Assim quantos compensam o sufoco,
ao cortar a ambição pela raiz,
dispensando o supérfluo, enfim, a troco
de uma vida de luta, mas feliz,mesmo
 a alma lanhada, está-se bem com a 
consciência em paz comDeus, amém.      

                   

 

O MEU FEITIO
Falo a verdade, de frente,
chego a mentira pra trás,
não sei ser indiferente,
tanto fez com tanto faz,
eu já fiz virar serpente
o rabo de satanás
para ir morder no pé
de quem diz ser mais do que é.
Sunguei a barra do dia
para ver lá do outro lado,
vi um soluço que se abria
num só gemido dobrado,
gritava e ninguém me ouvia,
não fiquei desesperado,
fui lá, só busquei a parte
com vestes róseas da arte.

O que se vê neste mundo,
         depende só de quem vê,
         o coração tem, no fundo,
         usina, sei lá de quê,
         que lampeja, num segundo,
         tudo o que existe em você.
         O que se vê e se projeta,
         depende aí do poeta.

                   

LIÇÕES DE VIDA
  (Difícil lidar com mote,
             “mas compensa o sacrifício”)
Eu não sei como inicio,
eu só sei como termino,
caso não haja desvio
no trajeto do destino.
 
Assim vou.

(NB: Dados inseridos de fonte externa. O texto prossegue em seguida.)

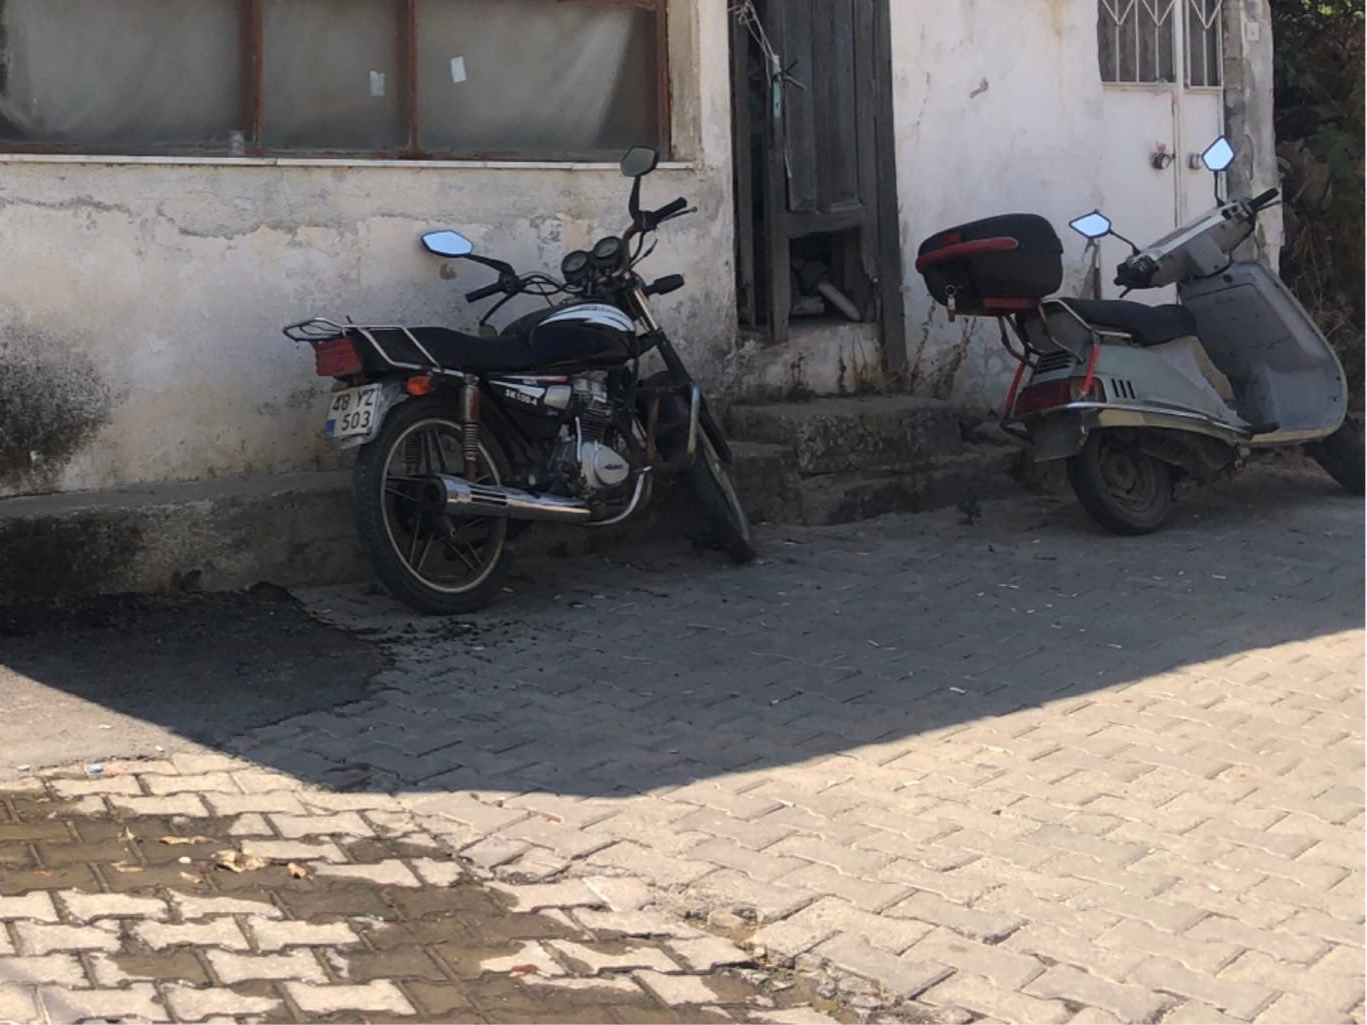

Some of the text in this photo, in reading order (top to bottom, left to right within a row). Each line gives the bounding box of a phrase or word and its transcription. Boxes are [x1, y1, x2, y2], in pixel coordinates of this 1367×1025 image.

[332, 388, 376, 411] 48 YZ
[341, 410, 371, 431] 503
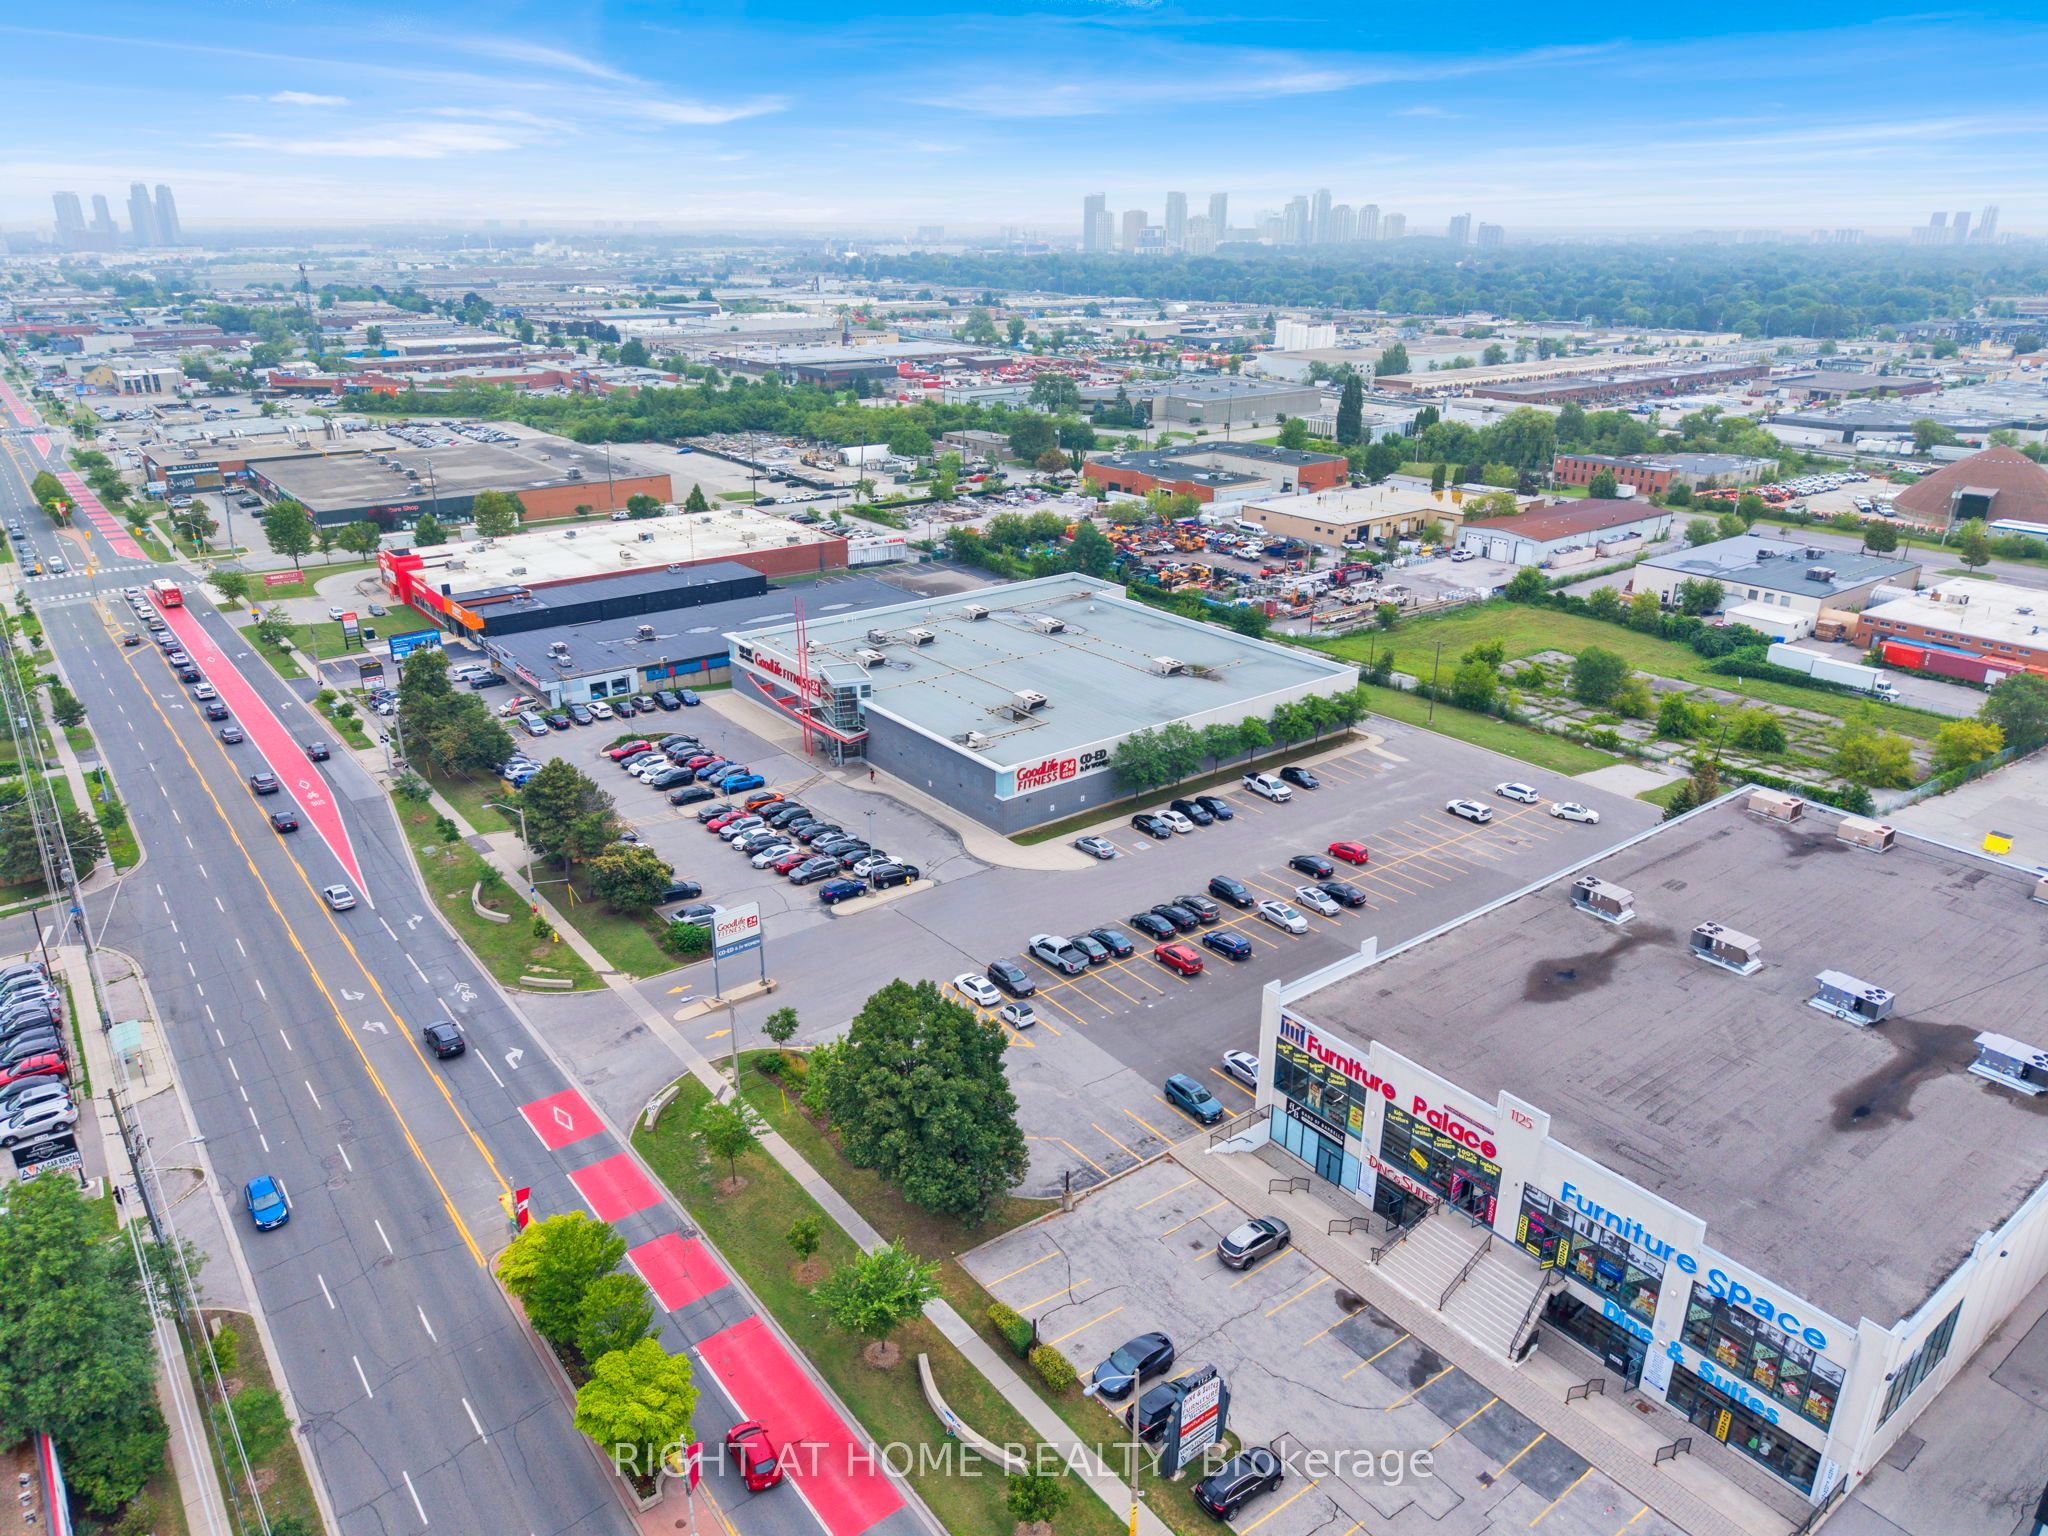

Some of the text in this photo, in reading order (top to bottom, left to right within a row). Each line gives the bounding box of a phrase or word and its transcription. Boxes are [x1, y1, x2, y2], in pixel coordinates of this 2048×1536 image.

Quebro o horizonte,
dos destroços, faço ponte
por cima do precipício.
É que é preciso que eu ande,
porque a caminhada é grande,

mas compensa o sacrifício
.
Prestem atenção em mim,
no que eu tenho de ensinar,
mentes genuflexas, sim,
só a minha voz no ar,
nenhuma sílaba perca,
pois vou falar tudo acerca
do que acho seja propício
para se ser bom cristão,
saibam, não é fácil não,

mas compensa o sacrifício.

Todo o seu tempo aproveite,
nunca prove aguardente,
a melhor bebida é o leite,
tomado gelado ou quente.
A verdadeira alegria,
que mais nos inebria,
digo-lhe logo, de início,
é a de cuidar da saúde,
desde a sua juventude,

mas compensa o sacrifício
.

À cata de emoção quente,
sem dimensão do perigo
surge o jovem delinqüente,
que é dele mesmo inimigo,
madruga na perdição,
nunca sai dela mais não,
some-se ao sorvo do vício,
no entanto, o mestre peleja
para que o jovem bom seja,

mas compensa o sacrifício
.

Nunca facilite, eu falo,
nunca se aproxime 
de quem possa viciá-lo,
evite tudo o que é crime,
caminho do mal é atalho,
vai-se sem se ter trabalho,
sem se fazer exercício,
ao passo que o da virtude
tem pedras, é muito rude,

mas compensa o sacrifício

Para número em velório
é que servem os parentes.
Tenha fé em Deus, adore-O,
fazendo orações freqüentes.
Caminhe para a velhice
com fé no que Jesus disse.
Não há meio sub-reptício
de se ter o prêmio além,
urge que se faça o bem,

 mas compensa o sacrifício.

Exercite-se na fé
            para que ela sempre aumente.
            Sei que você sabe que é
            limitada a nossa mente,
            não cabe o que é ilimitado.
            Sem fé, sobra lado a lado
            no caldeirão do suplício.
            Com fé, o mistério é aceito
           
por nosso espírito estreito,
            mas compensa o sacrifício.